I first heard about the Dream Gap back in May at Barbie headquarters, and it hit me hard. My daughter just turned four, and right now, she is such a bright, shining light in our family. She loves imagining who she can become and her dream is to become a worker (a construction worker) and a veterinarian (we’re lucky Barbie makes a vet doll and a builder doll!). One day she wants to build her own veterinary clinic. To her, anything is possible, and I want her to always believe that she can be or do anything she wants. When I heard about the Dream Gap and what research has shown, I was terrified for her. I have friends with daughters between 5 and 7 and they’ve casually said things to me that have shown me that this gap is real in their daughter’s lives. I don’t want my daughter, or any other girl, to doubt her potential or to think that just because she’s a girl she can’t become who she wants to. Even if you don’t have a daughter, I’m sure you can relate to this feeling.
As a champion of girls and their limitless potential, Barbie just launched the Dream Gap Project, an ongoing global initiative that aims to give girls the resources and support they need to continue to believe that they can be anything. The goal is to level the playing field for girls globally and the project includes funding research, highlighting positive role models, and producing inspiring content and products.

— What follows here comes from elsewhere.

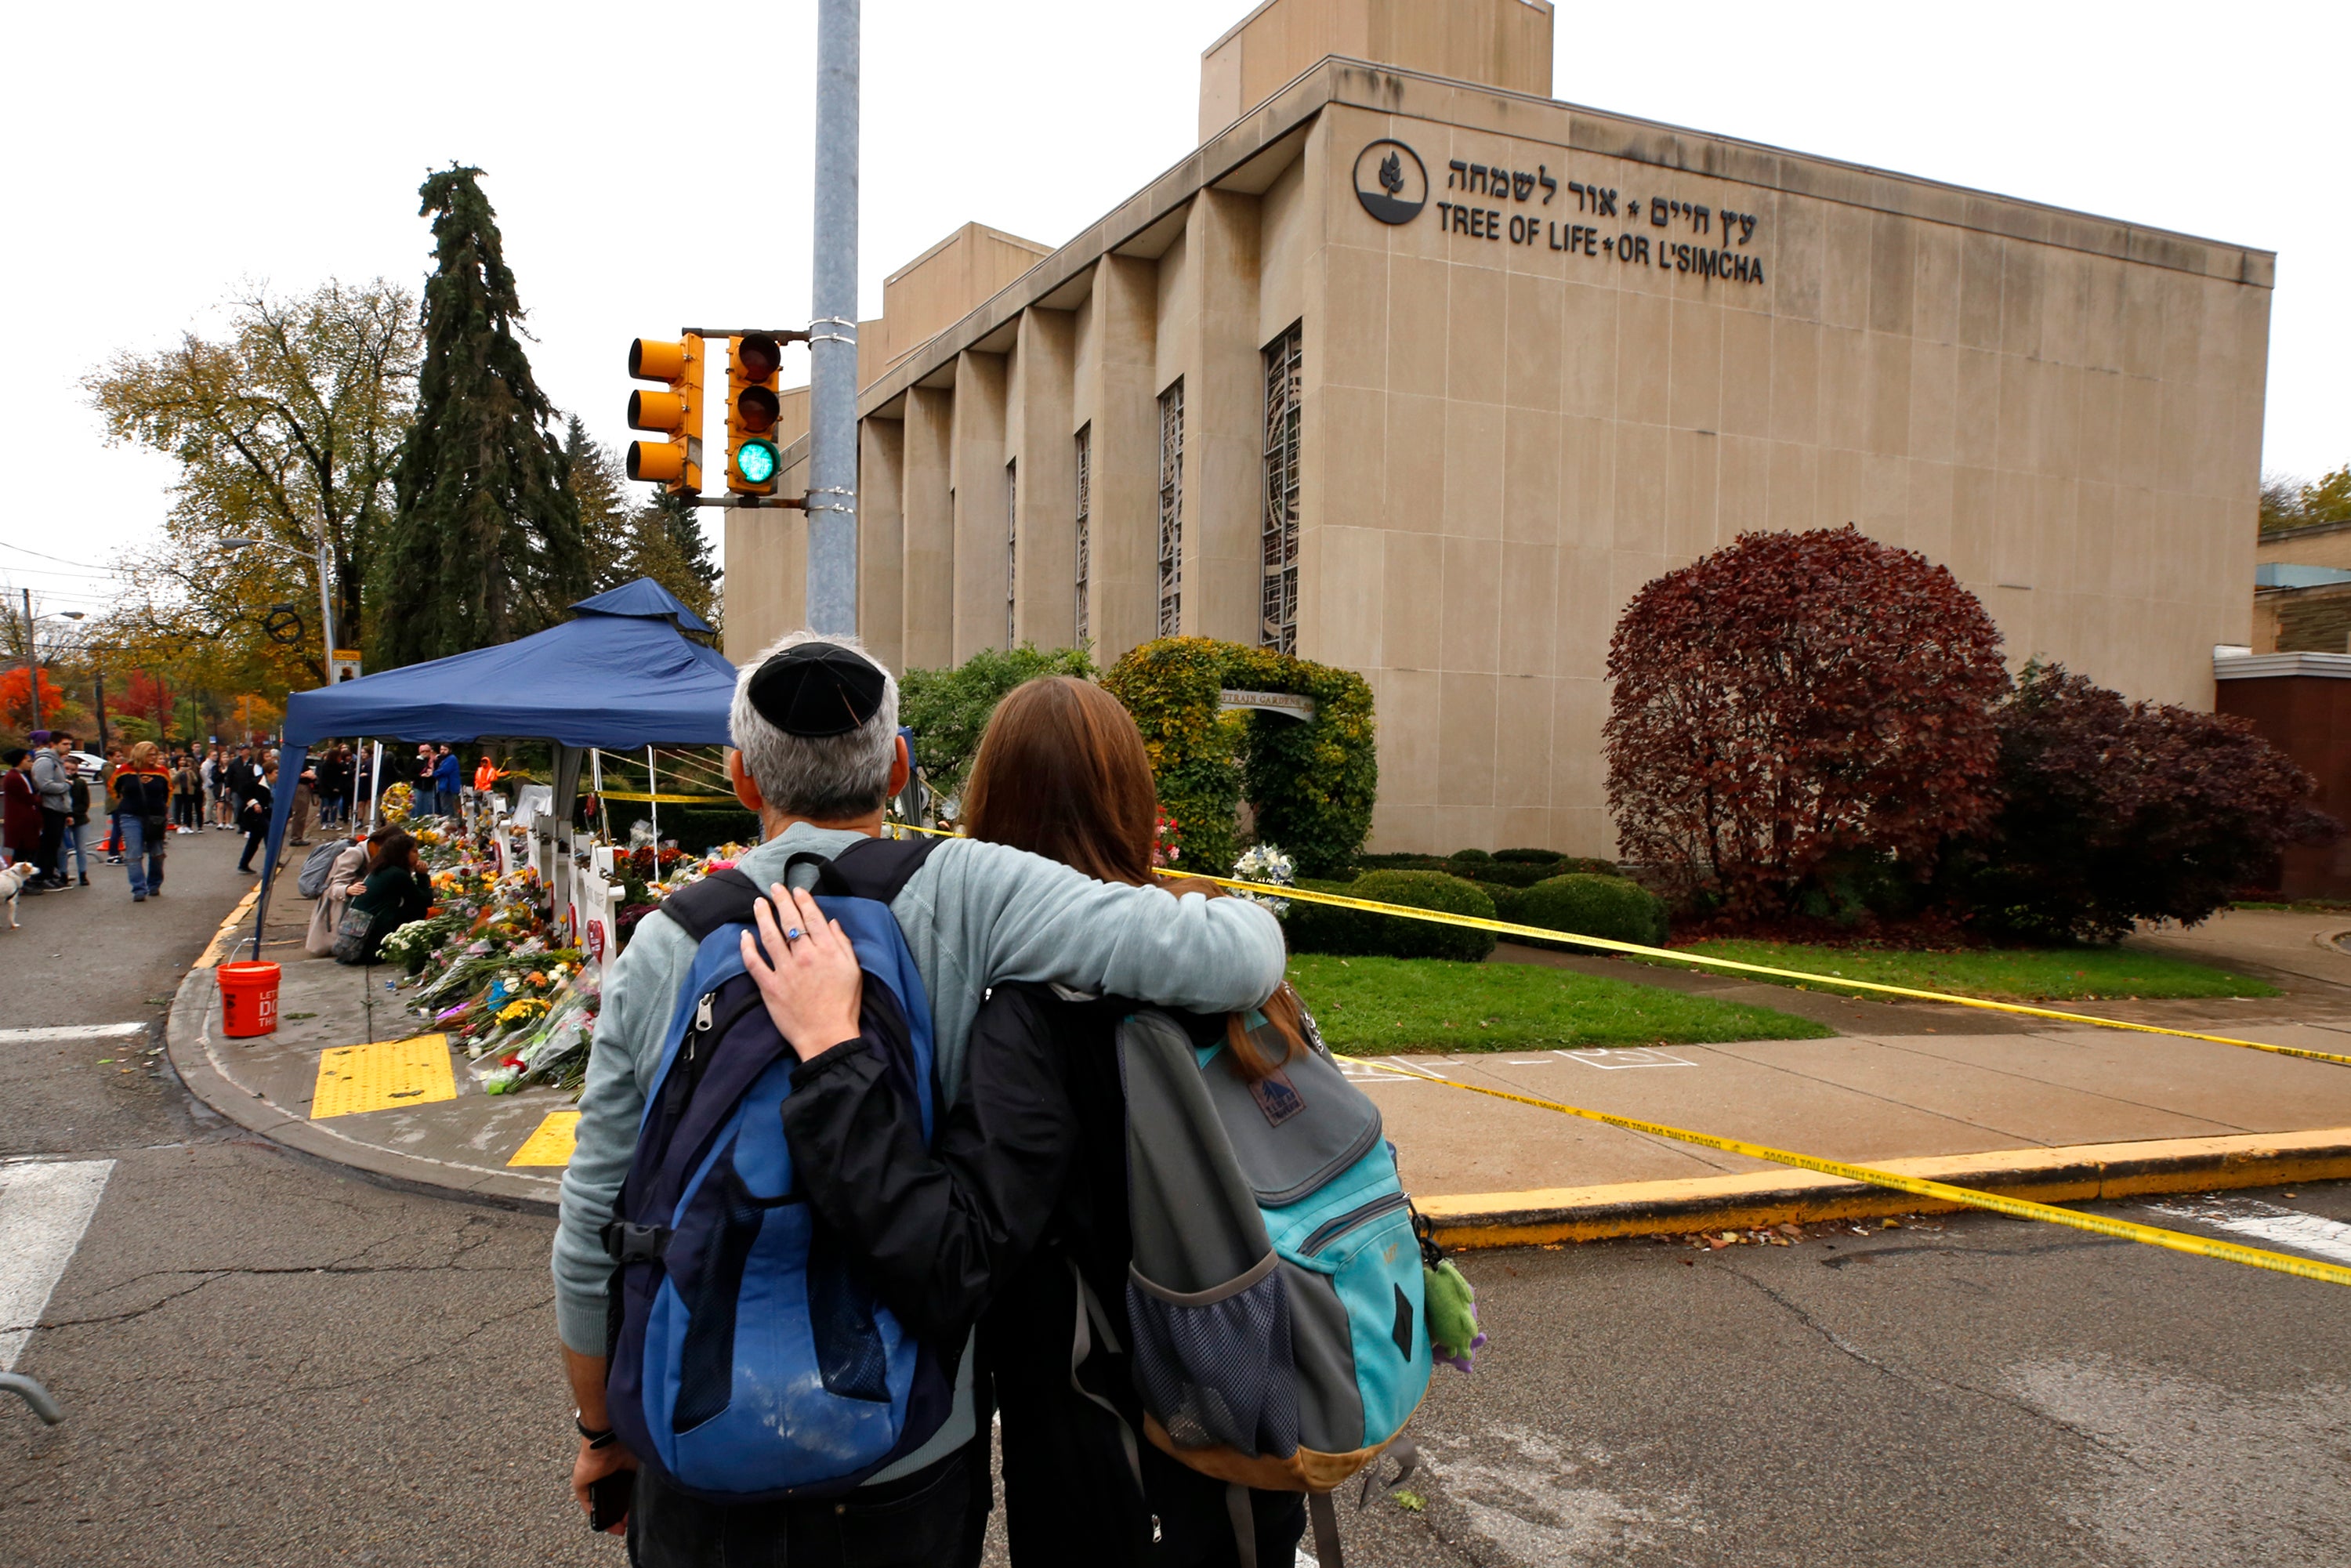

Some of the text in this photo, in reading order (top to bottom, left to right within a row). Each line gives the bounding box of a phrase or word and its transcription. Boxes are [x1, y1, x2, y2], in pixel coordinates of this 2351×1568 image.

[1437, 201, 1765, 284] TREE OF LIFE OR L'SIMCHA
[1448, 158, 1758, 247] עץ חיים אור לשמחה
[1259, 695, 1301, 705] GARDENS

If you don’t think this affects you, I promise it does. Even if you’re doing an awesome job raising your daughter (you very well could be!), you don’t have a daughter, or you’re not a parent, these cultural stereotypes are often perpetuated by the media and grown-ups who subtly reinforce them. You might be contributing to this gap without even knowing it.
So how can you help? The Dream Gap Project website lists seven fabulous ideas that are easy and that everyone can do:
1. Exposure to positive role models. Show girls positive female role models of all ages. By introducing them to stories and journeys of women from all walks of life, they begin to see more opportunities themselves. (The Inspiring Women and Shero dolls are a great way to implement this idea!)
2. Challenge gender stereotypes. Limit exposure to media that reinforces negative stereotypes. Instead, expose girls to content that challenges gender stereotypes. (Barbie’s YouTube channel always has great videos, and reading books about women challenging stereotypes to follow their dreams is a great way, too!)
3. Nurture social and emotional learning. Nurture their social and emotional learning through themes like overcoming challenges, collaborating with others, dealing with negative emotions, believing in yourself, etc. (One way you can do this at home is by role playing with Barbie dolls!)
4. Emphasize the importance of hard work. Studies suggest that everyone does better when hard work is believed to be the key to success. When kids believe they can get smarter through dedication and hard work, they put in extra time and effort, and that leads to higher achievement. (Tell stories of how people got where they are and point out to your child when they practice something and get better and how good that feels!)
5. Do confidence-building activities. Success, it turns out, correlates just as closely with confidence as it does with competence. (Find something your child is good at and do it with them!)
6. Stimulate their imaginations. Encourage discovery through open-ended, unstructured play that fosters divergent thinking and innovation. (Playing with Barbies is a great way to help stimulate a girl’s imagination!)
7. Support their dreams. Actively encourage the girls in your life to pursue their dreams. Show and tell girls they can do anything. (Even if it’s something unique or extra challenging, never tell her she can’t follow her dream!)
It’s going to take a lot of work and a lot of time, but together, we can work to #CloseTheDreamGap. I don’t ever want anyone to tell my daughter that she can’t do something because she’s a girl. More importantly, I don’t ever want her to tell herself that she can’t do something because she’s a girl. Girls are incredible, filled with light and beauty and creativity, and I hope that one day, there won’t even be a Dream Gap to worry about.
Together, we can help the next generation of girls transcend the Dream Gap. We can help them hold onto the belief that they have limitless potential, they can do and be anything, and that they can pursue any dream they want.